Welcome to Riot Evangelism

Public faith versus private faith.

We live in a day when everyone is OK with your Christian faith as long as you keep it private. This is a tragedy because it means we are withholding Jesus from people who are hurting, suffering and dead in their sin.

Do you talk about Jesus on social media? Does your family know you are a Christian?

You may attend church, but do your co-workers know where you spend Sunday morning?

Are you a student in a university class? When the topic of Christianity comes up and the conversation is not very positive, do you speak up and maybe say, “Since you brought it up, I’d like to talk about Jesus”?

In order for people to meet Jesus, we have to tell them about Jesus.

Some of us don’t go public with our faith because we don’t want to be persecuted.
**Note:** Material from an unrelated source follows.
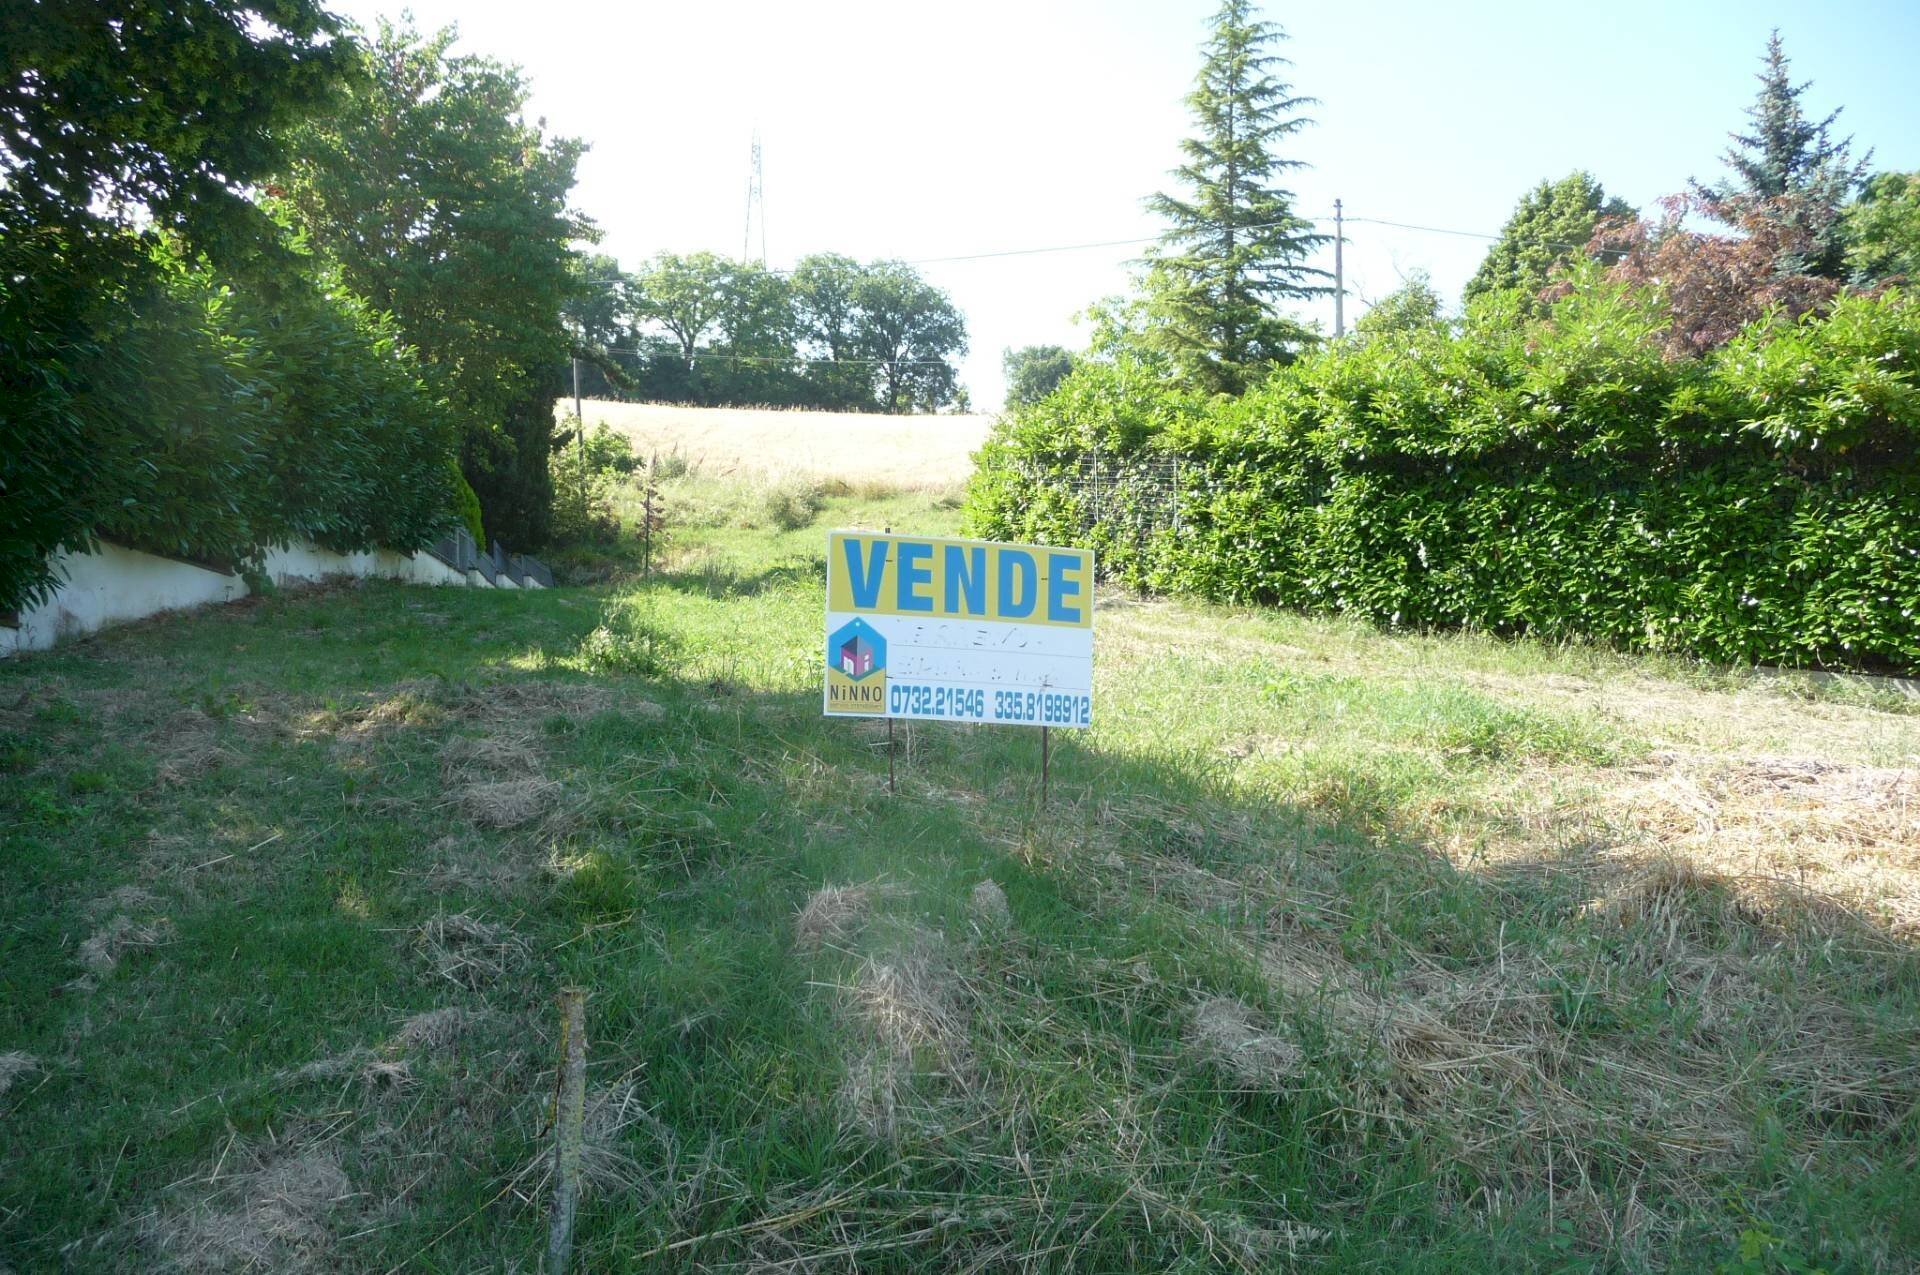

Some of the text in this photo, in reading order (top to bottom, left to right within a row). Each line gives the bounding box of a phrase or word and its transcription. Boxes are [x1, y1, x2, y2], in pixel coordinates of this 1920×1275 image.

I get it. Peter went public and he was crucified upside down.

But here’s the big idea: Someone went public for you. Someone took the risk of offending you and told you about Jesus.

Worth the risk.

The goal of life is not to escape without getting persecuted for your faith. As Christians, we want to finish this earthly life with converts who will join us with Jesus in heaven.

In order for this to happen, our faith has to be public. You don’t need to be rude about it, but you do need to be honest.

We live in a day when everyone is OK with your Christian faith as long as you keep it private.

You never know when you are going to have an opportunity to talk to people about Jesus, so be prepared. The Christian life is a series of pop quizzes. In Acts 3, Peter didn’t have time to prepare an outline or write out his sermon, but it’s obvious he had studied up—and the Holy Spirit blessed that.

Study, study, study.

Pray, pray, pray.

Expect God to open doors to opportunities, and be faithful to walk through them.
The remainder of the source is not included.